I am not sure what is going on, but it it most like just normal use. With 71% of the drive full, whenever you attempt to write data now, it will most likely be a block with data already in it. This means the drive has the move vital data to a new block, erase junk data, and then write to the newly cleaned block. That all takes time.
I wouldn't think about it too much. It is about the read speed with an SSD anyway. As long as your system is fast and your programs load quickly, what is the problem with it saving data at the same speed your HDDs are at?
Technically any kind of use will degrade the disk, but you have to use it at some point. A few benchmarks aren't going to break it. Just not a good idea to run it repeatedly on a daily basis.
There is definatly something wrong there from what I can see, I have just tried the bench on mine for the first time, my SSD is a SATA 3 but I am running it on a SATA 2 board although mine does not use the Sandforce controller. I have the bench loaded on my Samsung F4 HDD though not on my actual SSD. Assuming you have the correct setup in Bios for your SSD, have you tried downloading and reinstalling your chipset and storage drivers for your board?

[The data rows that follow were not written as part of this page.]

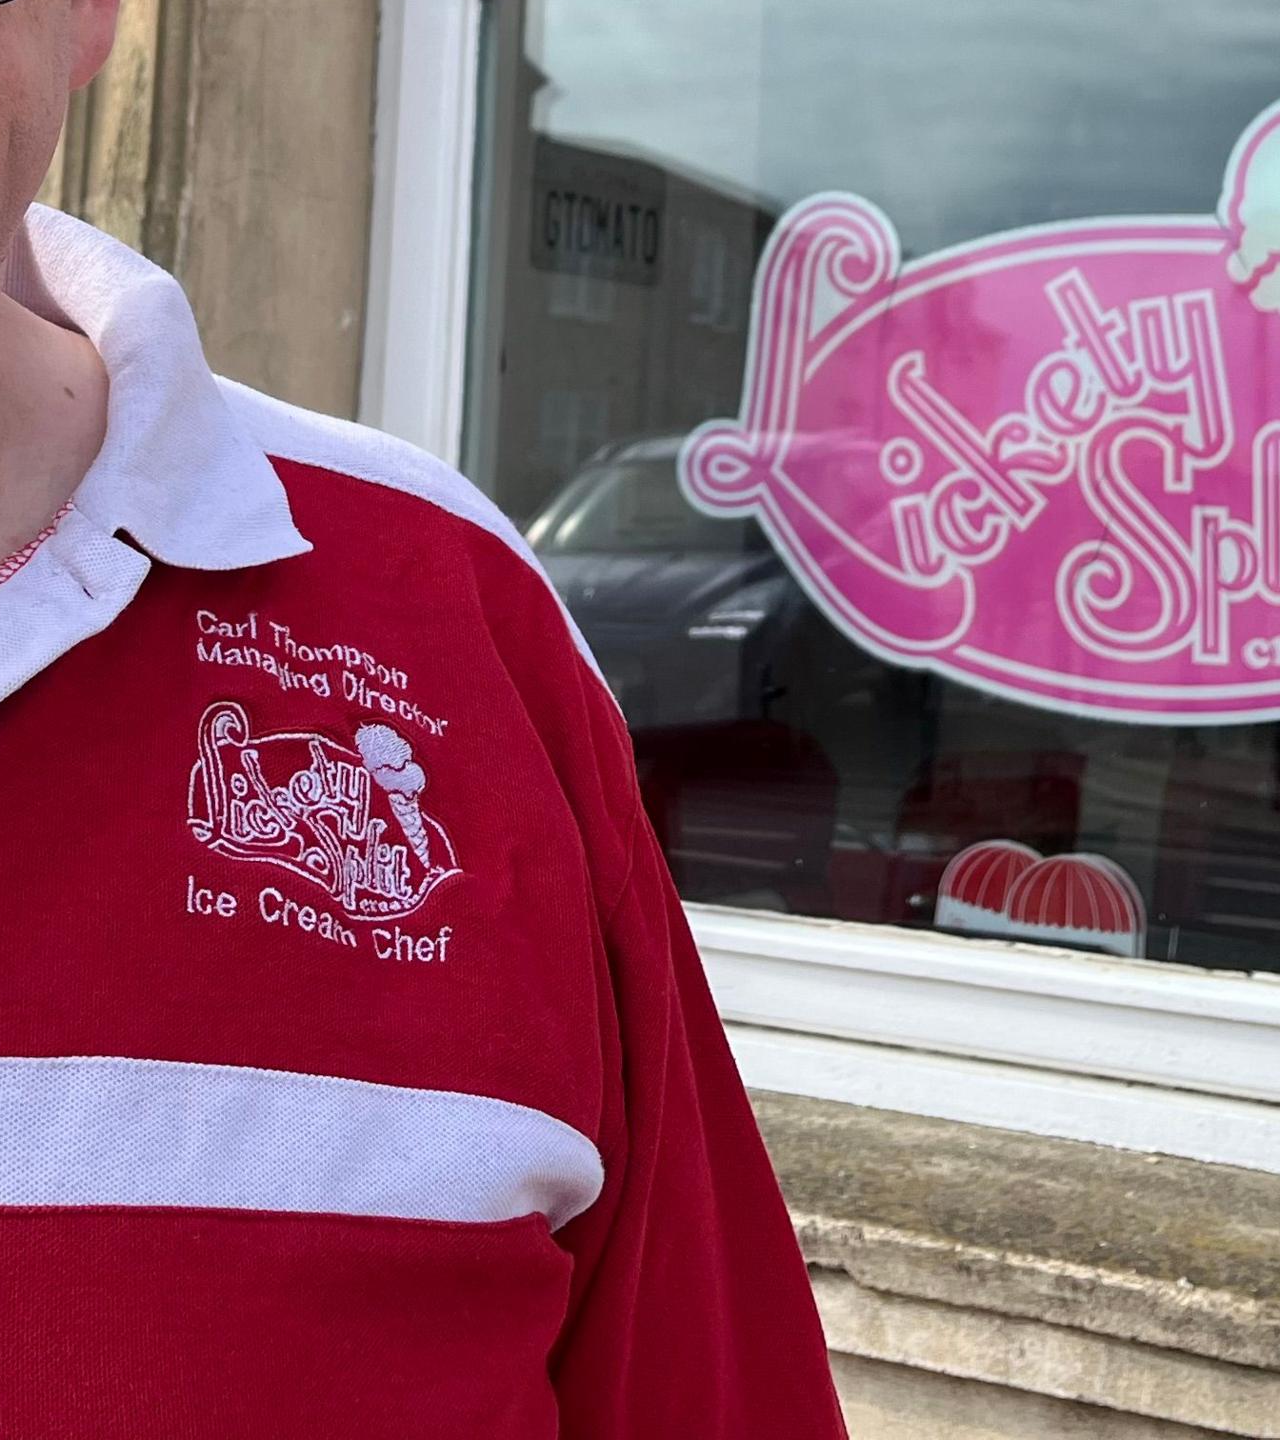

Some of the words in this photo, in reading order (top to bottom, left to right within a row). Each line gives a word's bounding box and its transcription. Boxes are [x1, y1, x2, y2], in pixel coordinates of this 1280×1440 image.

[677, 189, 1235, 665] Lickety
[196, 610, 258, 640] Carl
[269, 621, 409, 691] Thompson
[187, 702, 371, 860] Lickety
[303, 806, 414, 910] Split
[186, 875, 238, 918] Ice
[259, 887, 358, 948] Cream
[371, 926, 453, 962] Chef

Keep in mind that your drive uses Sandisk's own 32nm asynchronous nand, so test that use incompressible data will give you a lower score than advertised, though CrystalDiskMark can be set to do only compressible data.
But your scores compared to the scores achieved in the Newegg video for your drive are lower.

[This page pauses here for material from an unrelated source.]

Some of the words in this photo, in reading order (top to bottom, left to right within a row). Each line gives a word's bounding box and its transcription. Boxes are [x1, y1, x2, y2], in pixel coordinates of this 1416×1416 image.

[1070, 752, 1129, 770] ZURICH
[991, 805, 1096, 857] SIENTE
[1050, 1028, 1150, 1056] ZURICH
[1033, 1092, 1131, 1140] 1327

The drive being so full could be slowing it down, as mentioned update your chipset and controller drivers, if the score is still low you could try removing your controller drivers and using the default Microsoft drivers, also make sure you have AHCI enabled.
To see if it is getting the rated performance of 280 MB/s read and 270 MB/s write then you will need to use ATTO since it is what Sandisk used to calculate it.
Well the reason ATTO is used is because CDM uses an the best average speed. It to me gives you a better idea of what you should expect as far as day to day use. ATTO gives you numbers from every single test run. Companies like that because they can pick the best case scenario to label their products performance.
But TheOne is right. Try ATTO and see what you get for the..what 16 runs it does.
Yea, forgot to mention I turned on ahci before installing windows. Thanks for the replies. If I ever end up figuring out the problem I'll reply.
Ummmm AHCI should be enabled in Windows 7 regardless of your storage medium. And I still say you have no issue so you should run ATTO to see what it does in Best case. I will bet money it reaches its spec.
Okay, checked ATTO and sure enough CDM just doesn't like me. 240/270 seems more than reasonable.